Meta the company that owns Facebook and Instagram, said Monday, May 23, 2022, it will begin revealing more details about how advertisers target people with certain political ads, just months before the U.S. Midterm elections

An ex-Google employee claims his research shows Facebook’s parent company, Meta, is “rewriting” other websites so that it can better track users’ data.

The researcher, Felix Krause, claims Meta can “inject” tracking code into other websites whenever those websites are opened by Facebook or Instagram’s in-app web browser, as opposed to standalone web browsers like Google Chrome and Safari.

The Instagram app injects their tracking code into every website shown, including when clicking on ads, enabling them [to] monitor all user interactions, like every button and link tapped, text selections, screenshots, as well as any form inputs, like passwords, addresses and credit card numbers,” Krause warns in a tweet.

Krause also claims Meta injects this tracking code “without the user’s consent, nor the website operator’s permission.”

Why is this a big deal? Instagram & Facebook actively work around the new App Tracking Transparency System which was designed to prevent exactly this kind of abuse, to keep tracking users outside their ecosystem,” Krause claims in a follow-up tweet.

The ex-Google engineer apparently discovered the code injection while developing a tool to detect extra commands added to websites by web browsers. For most browsers and apps, the tool doesn’t detect any lines of code injection, but for Facebook and Instagram, Krause claims the tool found up to 18 added lines of code.

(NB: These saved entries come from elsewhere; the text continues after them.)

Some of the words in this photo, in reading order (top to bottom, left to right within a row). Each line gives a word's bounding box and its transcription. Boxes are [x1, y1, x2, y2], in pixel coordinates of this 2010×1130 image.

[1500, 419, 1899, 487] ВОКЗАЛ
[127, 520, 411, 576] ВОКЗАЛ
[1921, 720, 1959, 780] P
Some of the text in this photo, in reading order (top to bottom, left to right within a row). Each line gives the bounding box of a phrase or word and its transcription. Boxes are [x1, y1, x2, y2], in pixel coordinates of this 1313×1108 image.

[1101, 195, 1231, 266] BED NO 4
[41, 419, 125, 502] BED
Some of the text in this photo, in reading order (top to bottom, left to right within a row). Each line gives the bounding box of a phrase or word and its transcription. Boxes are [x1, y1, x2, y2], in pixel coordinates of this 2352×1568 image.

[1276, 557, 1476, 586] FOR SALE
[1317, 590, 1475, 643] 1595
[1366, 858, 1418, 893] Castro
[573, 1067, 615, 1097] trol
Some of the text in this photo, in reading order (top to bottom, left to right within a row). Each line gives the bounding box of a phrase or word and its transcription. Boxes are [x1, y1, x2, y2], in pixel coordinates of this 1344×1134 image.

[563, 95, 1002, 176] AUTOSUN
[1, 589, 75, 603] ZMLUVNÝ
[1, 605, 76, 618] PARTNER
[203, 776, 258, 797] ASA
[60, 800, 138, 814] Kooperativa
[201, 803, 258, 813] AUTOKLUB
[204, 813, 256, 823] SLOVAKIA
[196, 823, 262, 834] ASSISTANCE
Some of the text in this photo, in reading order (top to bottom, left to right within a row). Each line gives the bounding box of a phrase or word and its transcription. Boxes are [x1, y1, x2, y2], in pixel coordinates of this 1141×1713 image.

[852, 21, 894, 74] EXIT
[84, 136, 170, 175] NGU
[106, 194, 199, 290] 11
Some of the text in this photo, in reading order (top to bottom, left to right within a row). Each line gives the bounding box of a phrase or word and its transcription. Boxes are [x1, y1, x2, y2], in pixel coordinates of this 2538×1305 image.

In response to the allegations, Meta reportedly said the tracking code actually follows users’ privacy preferences, and the data gathered is only aggregated for use in targeted advertising.

We intentionally developed this code to honour people’s [Ask to track] choices on our platforms,” a spokesperson said, according to TheGuardian.com. “The code allows us to aggregate user data before using it for targeted advertising or measurement purposes. We do not add any pixels. Code is injected so that we can aggregate conversion events from pixels.”

For purchases made through the in-app browser, we seek user consent to save payment information for the purposes of autofill,” the spokesperson reportedly added.

Meta also reached out to Krause, the ex-Google engineer said in another tweet. After the company reached out, Krause made adjustments to his claims, but still stood by his initial warnings.

Facebook reached out to me, saying the system they’ve built honours the user’s ATT choice,” Krause said. “However, this doesn’t change anything about my publication: The Instagram iOS app is actively injecting JavaScript code into all third party websites rendered via their in-app browser.”

Krause adds in his blog a series of “FAQs” (Frequently Asked Questions) for “non-tech readers.” He explains that Facebook and Instagram can only read user data when people use their in-app browsers, and people can simply “make sure to click the dots in the corner to open the page in Safari instead” when using the apps on iPhone.

The ex-Google engineer also makes it clear he doesn’t have proof Meta is stealing or storing passwords and credit card data, only that it is possible for the company’s apps to do so.

As to why Meta has its apps sending users to websites using its in-app browsers, Krause only says “that building your own in-app browser takes a non-trivial time to program and maintain” even though he “can’t say how the decisions were made internally.”